Moses came down from Mt. Sinai with ten commandments, the most honored code of moral behavior in human history. There is one commandment, however, that, like Rodney Dangerfield, gets no respect. It's the last one. Nobody takes it seriously. Have you ever heard of anyone being punished for breaking Tenth Commandment? People have been hanged for breaking the Sixth Commandment (murder), dishonorably discharged for breaking the Seventh Commandment (adultery) and sued for breaking the Ninth Commandment (perjury), but nobody has ever paid a fine or gone to jail for coveting. No human law attempts to govern human attitudes, but God's laws does. Even if there were a criminal law against coveting, no human detective could discover its violation, but God can.

Not even the church takes the sin of greed seriously. The Southern Baptist Convention called for a boycott of Disney because of their policies favorable to gays and lesbians. But no entertainment industry has ever been boycotted because of policies favorable to wealth and opulence. Churches pass resolutions against the sin of intoxication by the spirit of alcohol, but where are the resolutions against the sin of intoxication by the spirit of avarice? Some churches refuse to allow anyone to serve as a church officer whose love for another woman made him divorce his wife, but where is the church that disqualifies someone on the ground that his love of money has made him too ambitious? The rich young ruler is no longer offended by the severe demands of simple Christ-like living (Luke 18:18-23). Instead, the rich young ruler is welcomed and invited to serve on the budget committee.

Nevertheless, the commandment says, "Thou shalt not covet." And then it gets real specific: you shall not covet your neighbor's house, wife, slave, ox or donkey. I'm happy to say I have never coveted my neighbor's slave, ox or donkey, though I confess I sometimes cast an admiring eye on the new houses springing up like dandelions in our town. Aren't they beautiful? Don't you wish you could swap yours for theirs? But the word of God says, "Thou shalt not covet thy neighbor's house… nor thy neighbor's wife."
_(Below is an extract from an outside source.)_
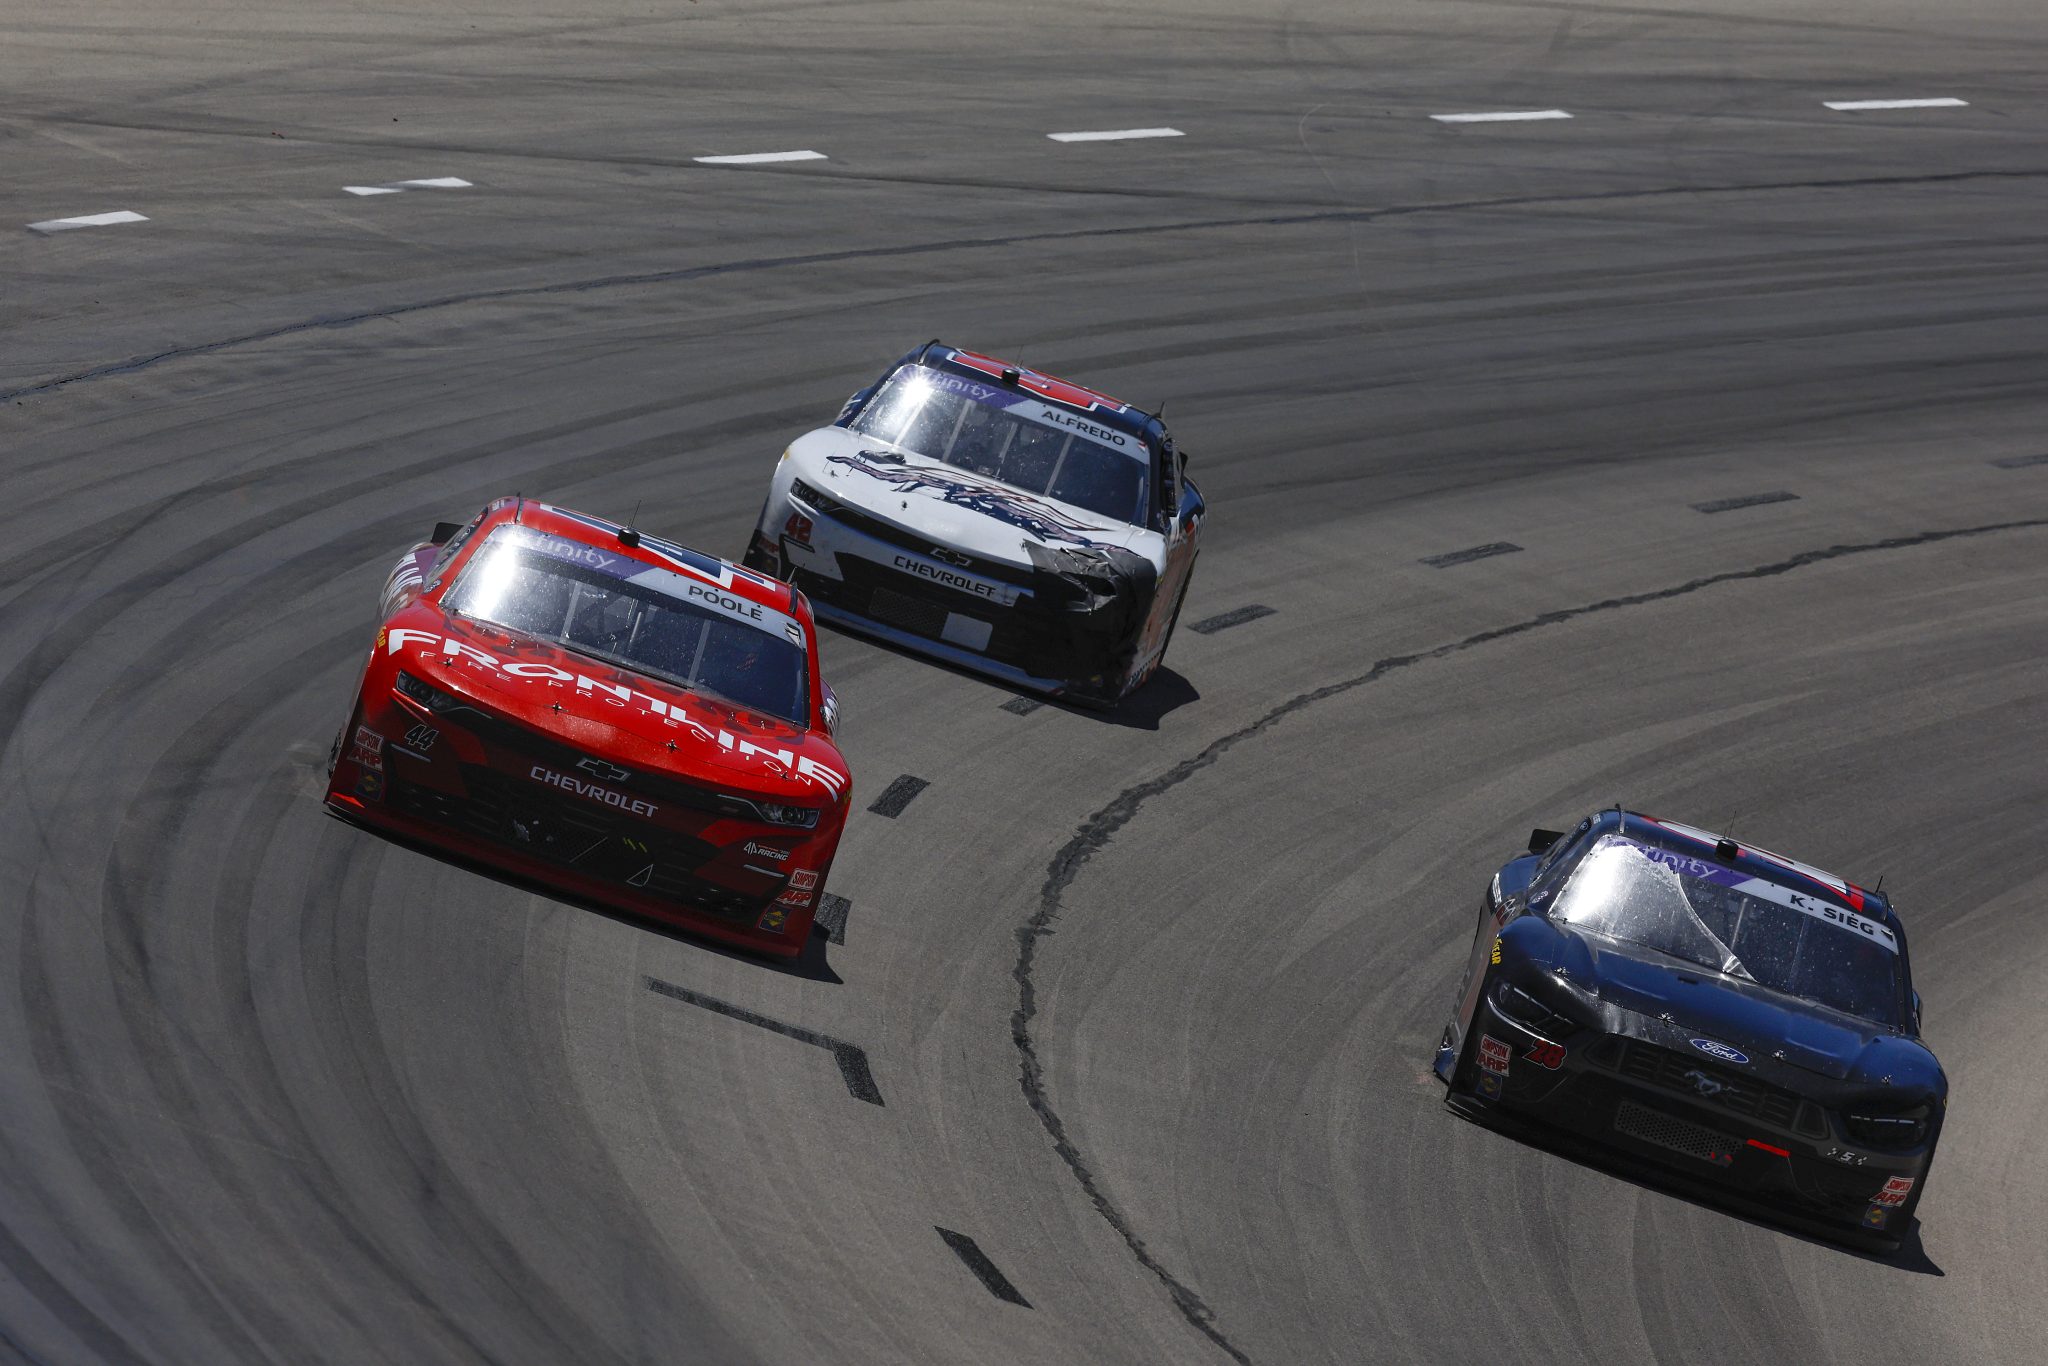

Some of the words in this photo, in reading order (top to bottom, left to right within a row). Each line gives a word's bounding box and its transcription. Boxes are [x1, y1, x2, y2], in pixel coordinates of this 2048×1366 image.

Coveting my neighbor's wife reminds me of what God said in the Seventh Commandment: "Thou shalt not commit adultery." The Tenth Commandment takes that one step further saying: don't even think about it! In case you are not feeling guilty yet, the last commandment adds a final catch clause: Thou shalt not covet "anything that belongs to your neighbor."

I believe God intends this commandment for our age even more than for the time in which it was originally given. Greed is certainly a greater problem for us today than for Moses and his rag-tag followers in 1400 B. C. There weren't a lot of things one ancient Hebrew could possess that other Hebrews did not already have. One might have ten goats and another twenty, but goats are goats and no big deal around which to build a strong case of covetousness. With few exceptions the entire Hebrew community shared the same standard of living and enjoyed equal opportunities.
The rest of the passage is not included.